▶ Supplied data:
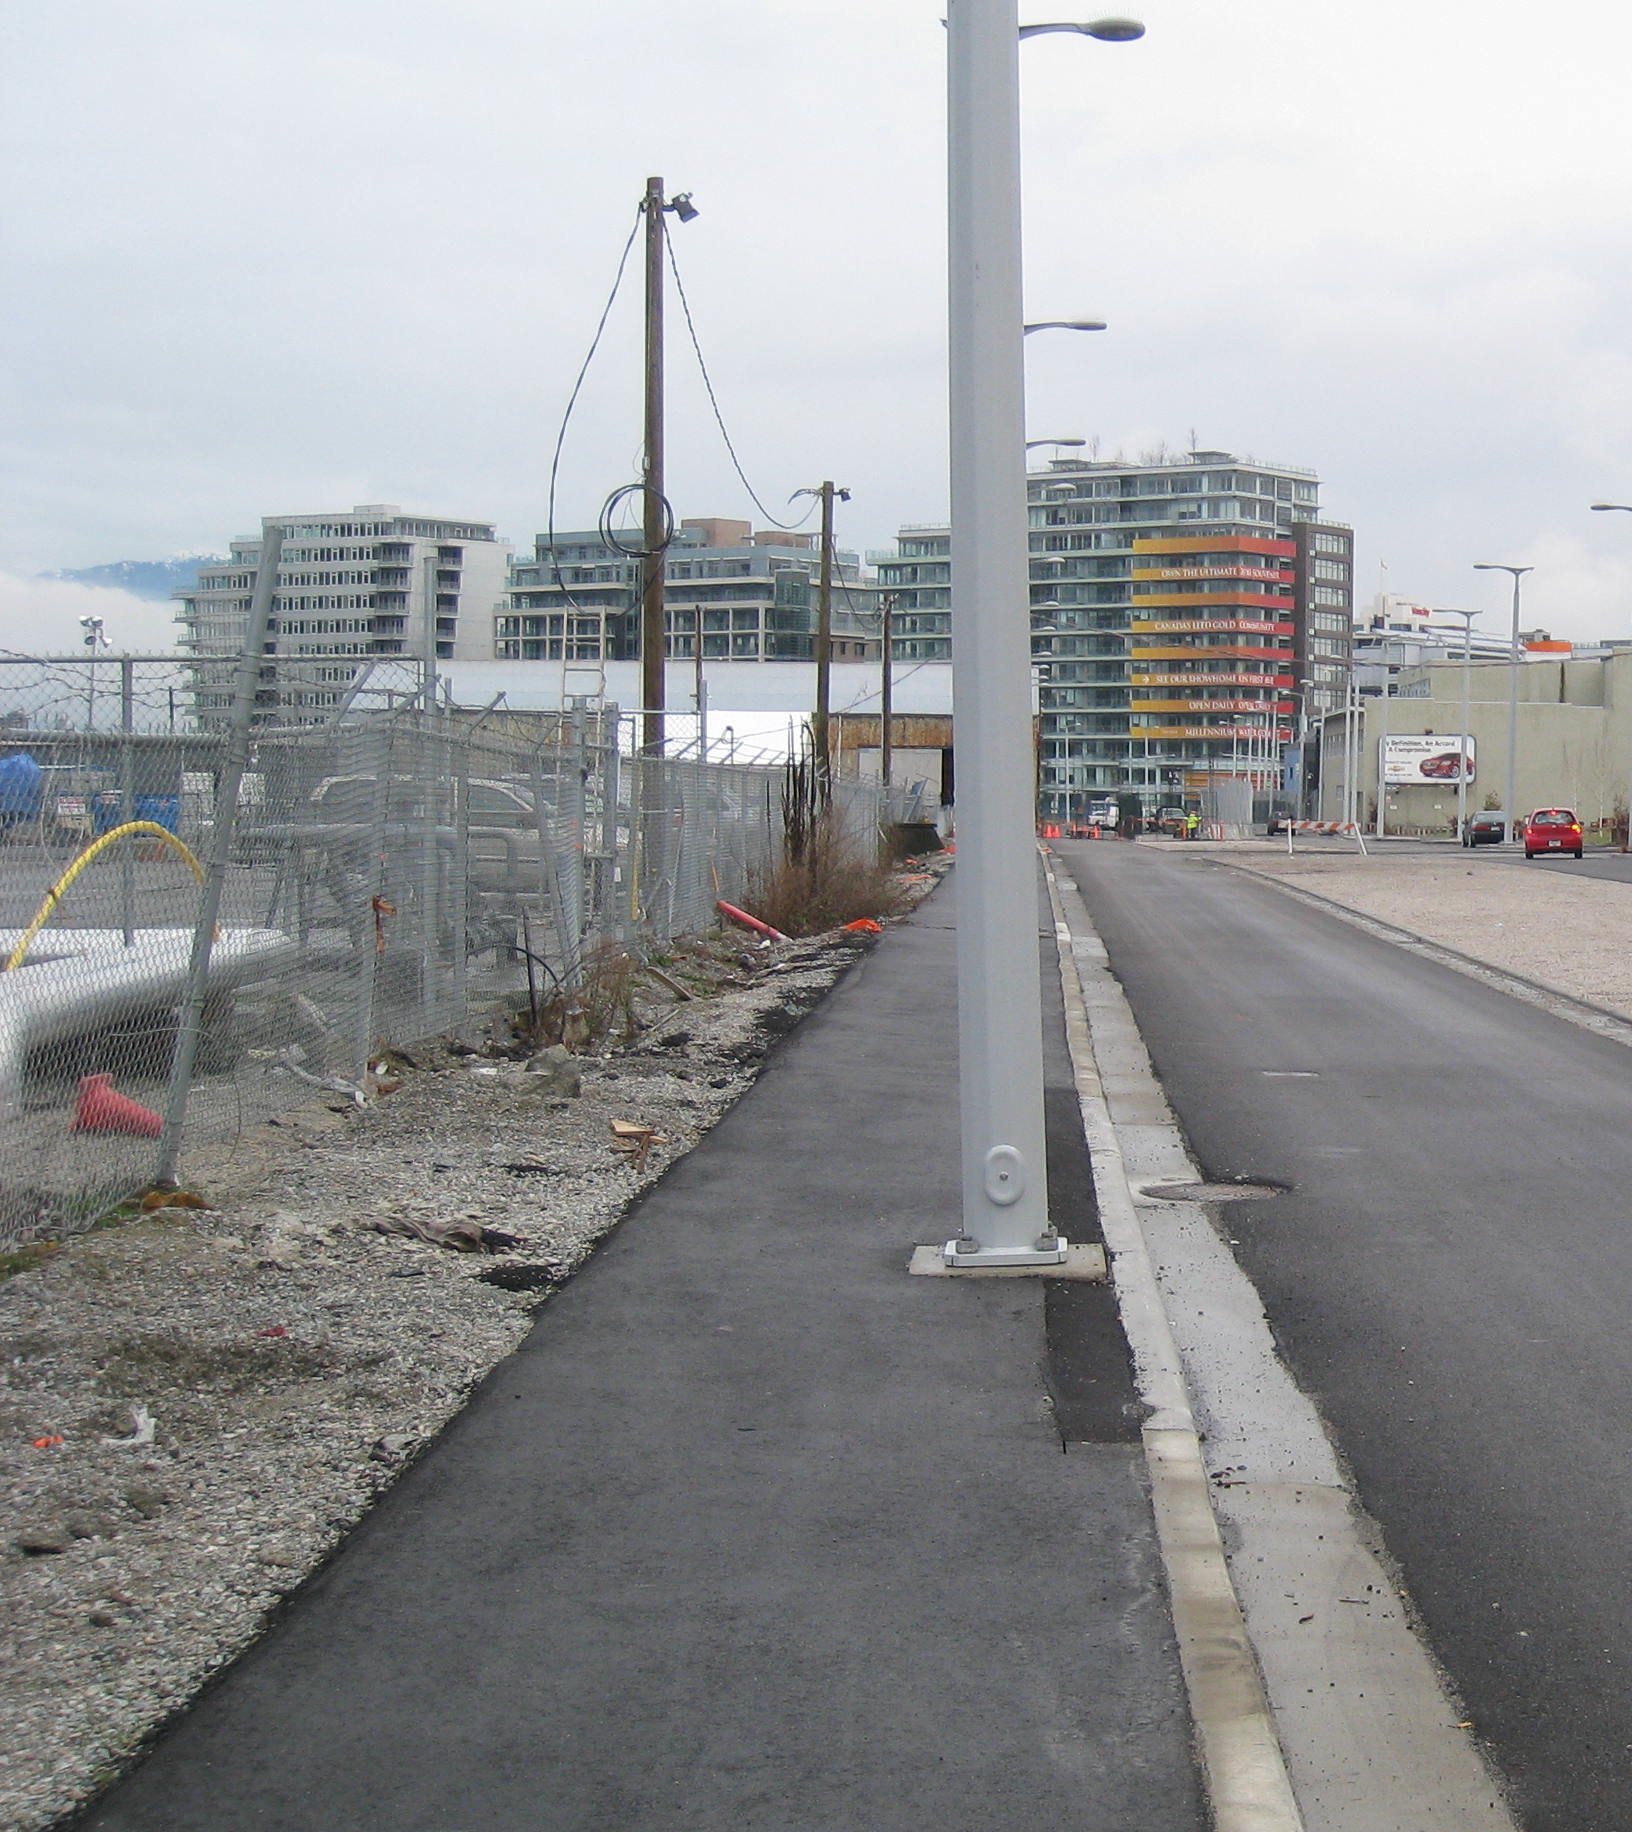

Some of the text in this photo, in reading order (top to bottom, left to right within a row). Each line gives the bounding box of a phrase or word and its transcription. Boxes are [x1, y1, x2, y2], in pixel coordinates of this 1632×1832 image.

[1199, 566, 1237, 577] ULTIMATE
[1212, 620, 1236, 629] GOLD
[1170, 674, 1188, 684] OUR
[1188, 700, 1211, 710] OPEN
[1212, 700, 1235, 710] DAILY

▶ Aim of the task:
Dropping every picture, restate the material word for word.

▶ Task response:
Some of the text in this photo, in reading order (top to bottom, left to right within a row). Each line gives the bounding box of a phrase or word and its transcription. Boxes are [x1, y1, x2, y2], in pixel coordinates of this 1632×1832 image.

[1199, 566, 1237, 577] ULTIMATE
[1212, 620, 1236, 629] GOLD
[1170, 674, 1188, 684] OUR
[1188, 700, 1211, 710] OPEN
[1212, 700, 1235, 710] DAILY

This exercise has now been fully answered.